匿名の開発者は、供給量の約65%を暗号資産インフルエンサーであるアンセムの公開ウォレットに送った。分配の透明性には疑問が残るものの、最初の3日間で7万4000のアドレスが関与した。

Top 7-day performances of Solana tokens. Source: CoinRanking
このミームコインのエアドロップをきっかけに、ソラナ上の複数のミームコインが急騰した。だが最大の勝者は、パンプファンのプラットフォームトークンであるPUMPだった。週間で27%上昇したことで、PUMPは時価総額6億3000万ドル(約1014億3000万円)となり、暗号資産ランキングのトップ100に返り咲いた。
ANSEMミームコインも金曜日に上げ幅を拡大し、時価総額は過去最高の1億1200万ドル(約180億3000万円)に達した。
ファントム・ウォレットに統合されたワールド予測市場のローンチも、ソラナ上の活動増加への期待を生んでいる。同プロジェクトは2日間で、預かり資産総額(TVL)約89万ドル(約1億4329万円)を集めた。ワールドカップをめぐる賭けの熱狂のなか、すでに大成功を収めているポリマーケットに対抗する狙いだ。

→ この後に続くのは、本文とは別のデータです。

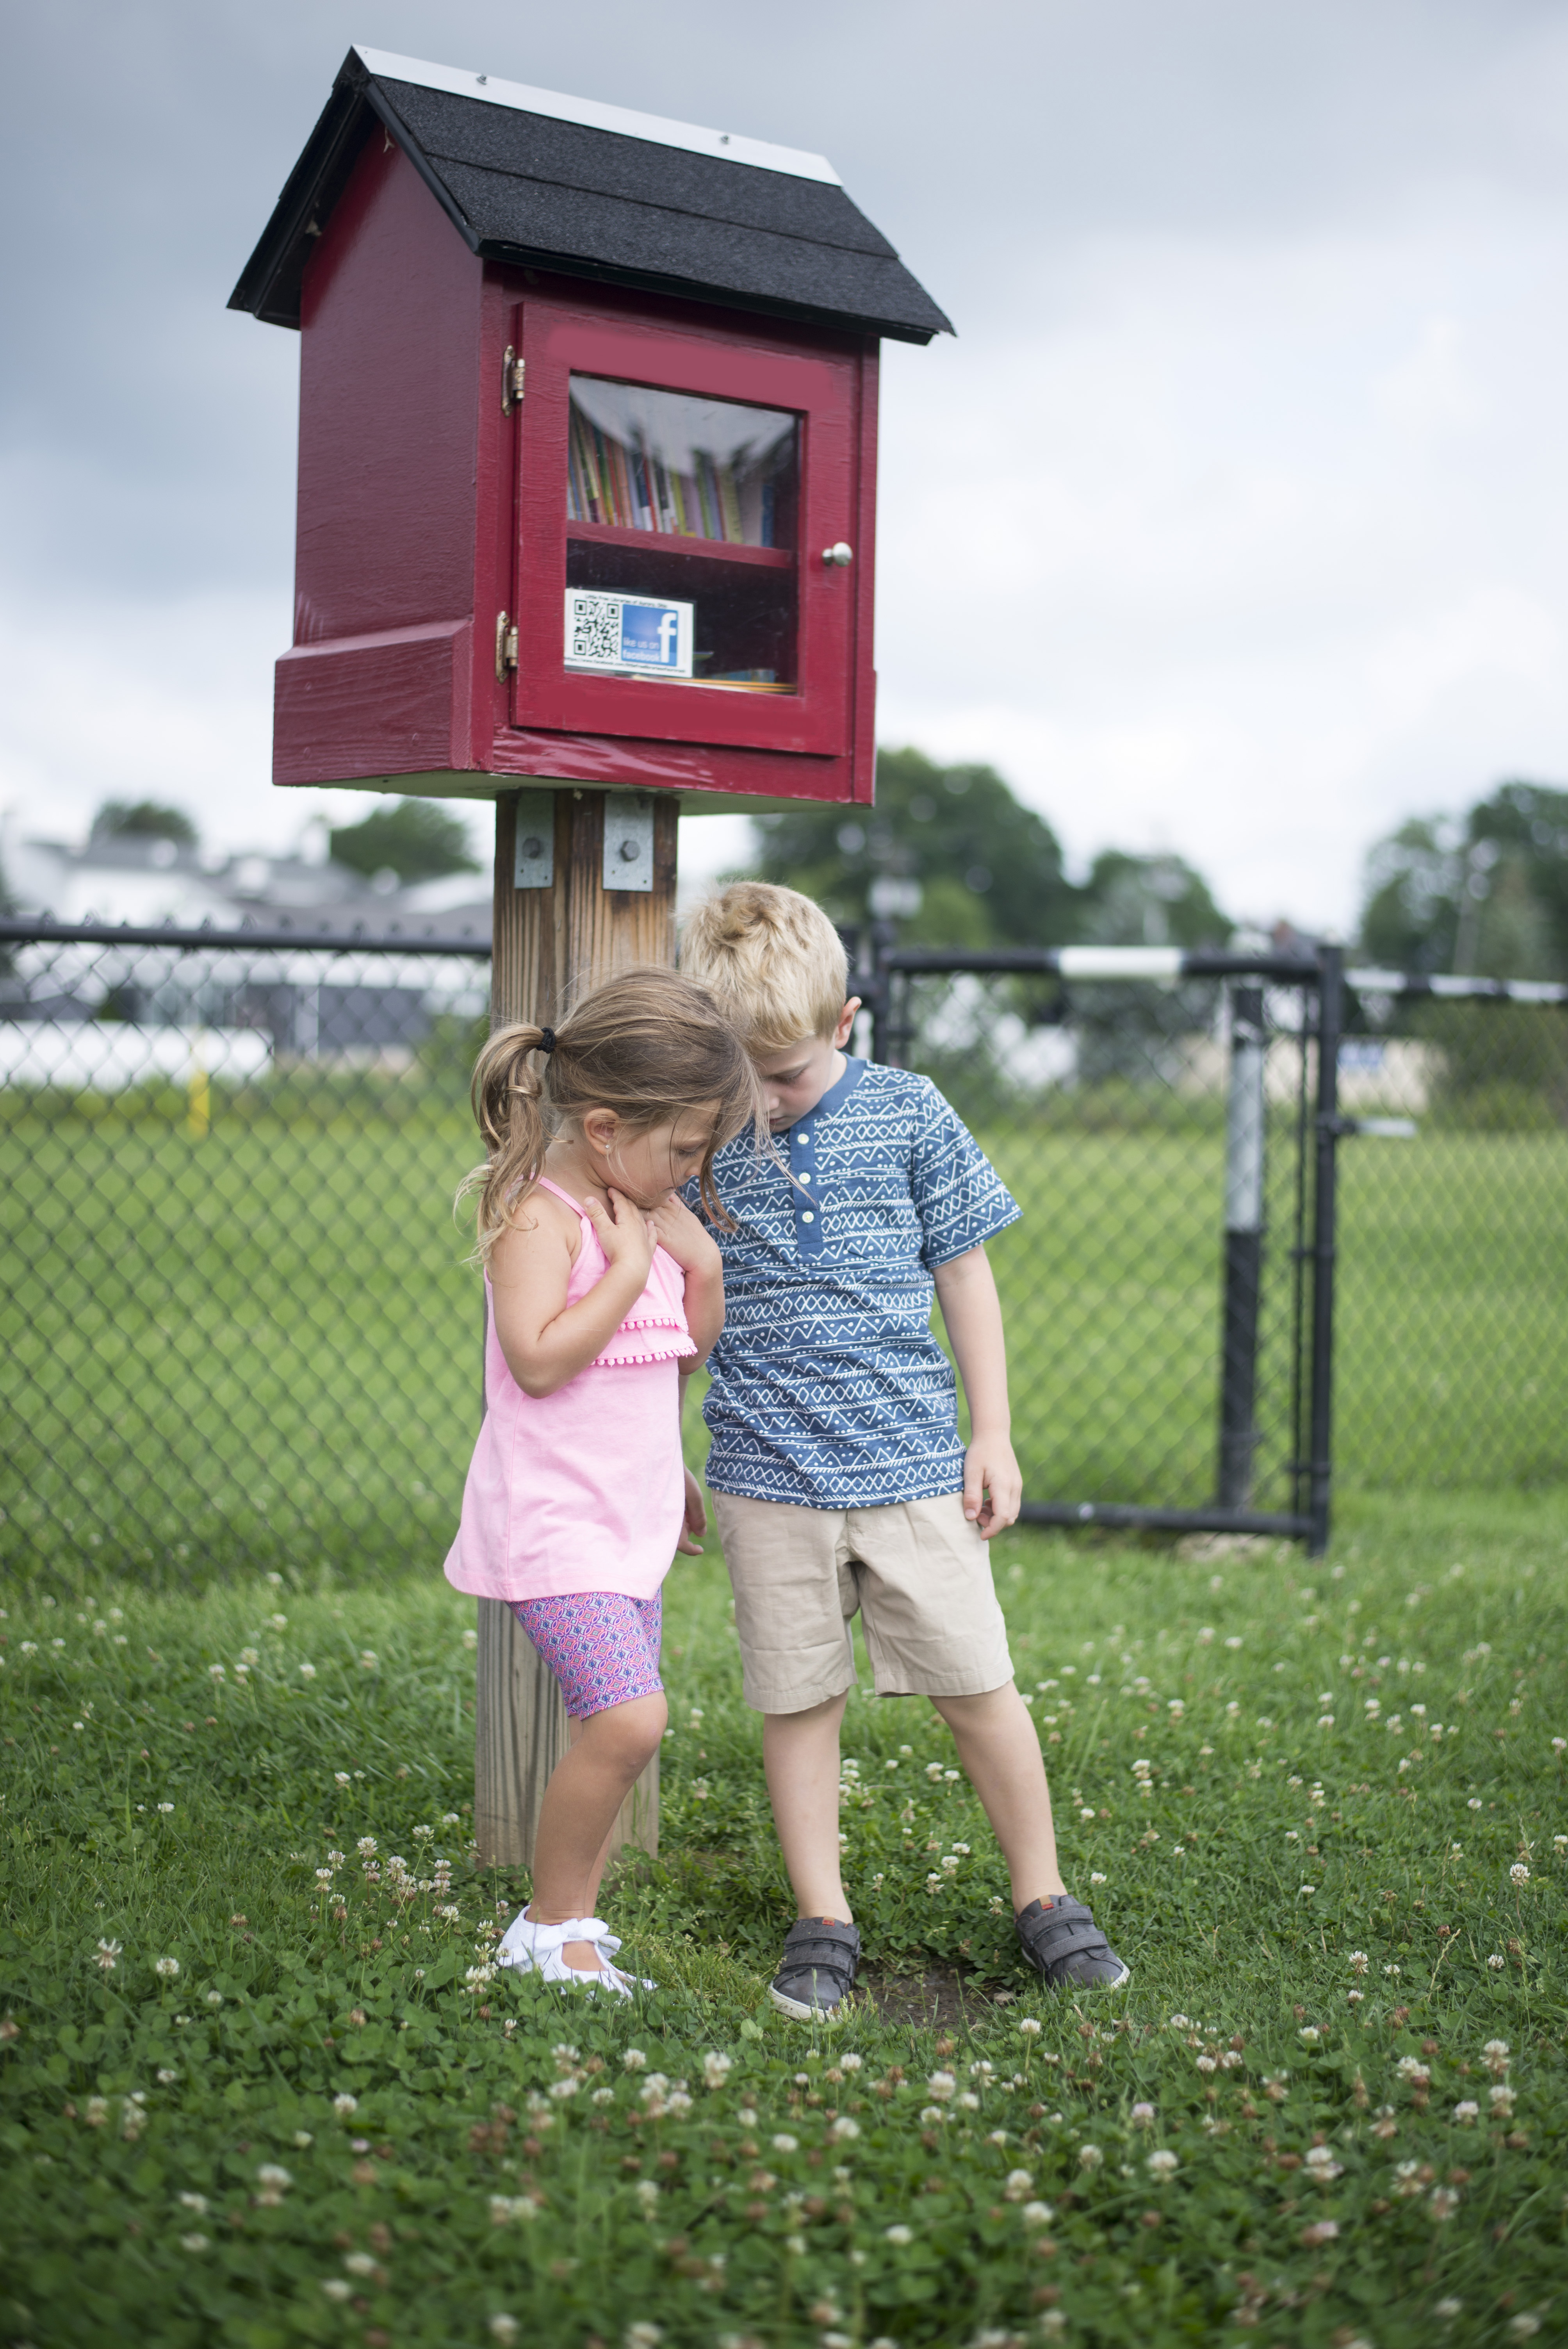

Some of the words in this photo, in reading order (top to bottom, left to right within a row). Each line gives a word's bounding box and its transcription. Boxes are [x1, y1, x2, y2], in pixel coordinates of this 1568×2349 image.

[623, 636, 636, 647] like
[657, 612, 677, 663] f
[623, 649, 660, 662] facebook

ジュピターも6月29日、ベータテスト中の予測市場を公開している。

SOL perpetual futures annualized funding rate. Source: Laevitas
SOLの永久先物市場では、強気のレバレッジポジションへの appetite、つまり投資家の食欲は、水曜日以降に大きく低下している。この日、SOL価格は30日ぶりに75ドル(約1万2075円)を上回った。

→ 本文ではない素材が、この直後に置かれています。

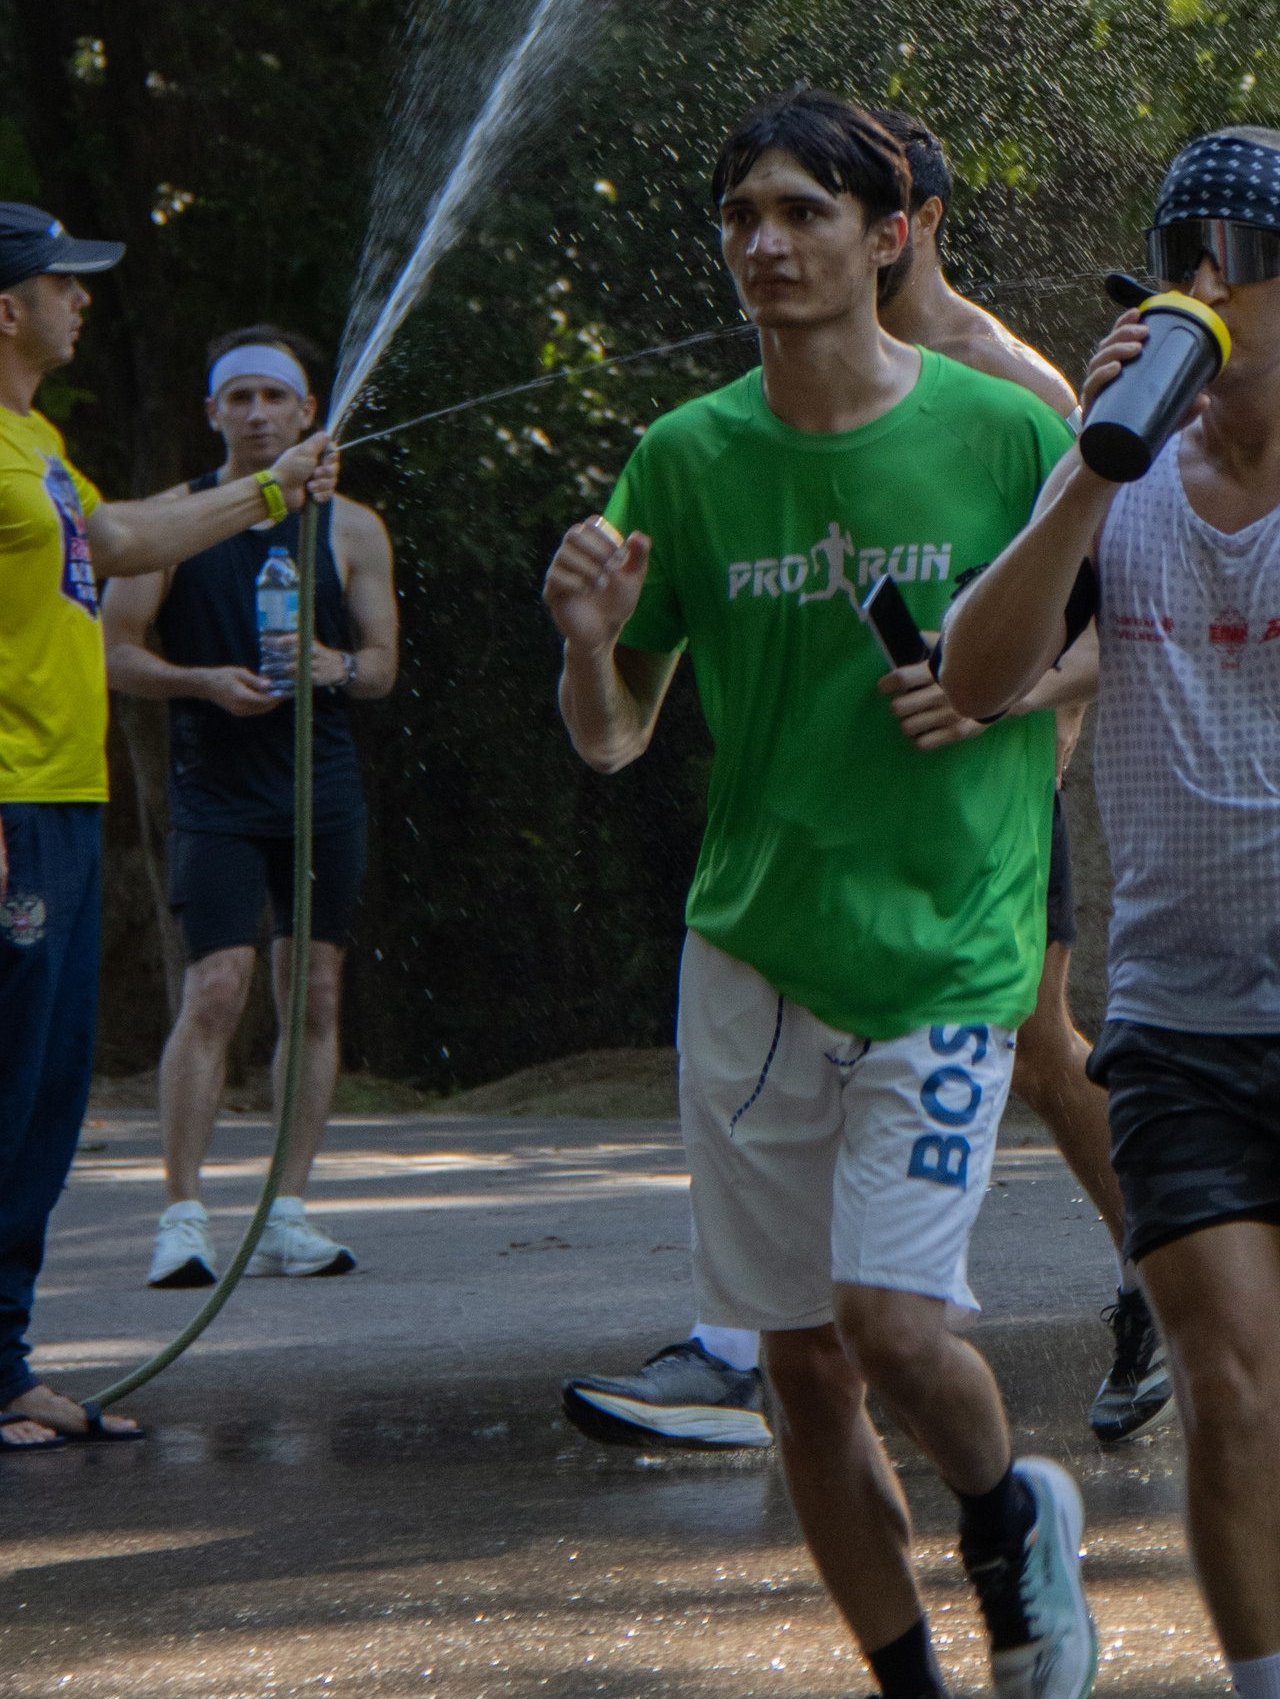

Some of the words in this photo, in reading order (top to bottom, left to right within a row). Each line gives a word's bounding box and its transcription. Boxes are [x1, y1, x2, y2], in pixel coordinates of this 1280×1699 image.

SOL先物の年率換算資金調達率は、2日前のピークである11%から、金曜日には3%まで低下した。中立的な市場環境では、この指標は資本コストを相殺するため、通常6%から12%の範囲で推移するはずだ。
投資家は、一時的なミームコイン需要の盛り上がりだけを頼りに、SOLが90ドルへ向かうと賭けることには慎重だ。ブロックチェーン活動に対する持続的な需要が生まれない限り、SOLがほかのアルトコインとの差をさらに広げる明確な材料は見当たらない。
ソラナは、ミームコイン、トークン化資産、予測市場という三つの熱源を得た。だが、それが本物の相場の再点火なのか、それとも短命の花火なのか。90ドルへの道は、熱狂の持続力にかかっている。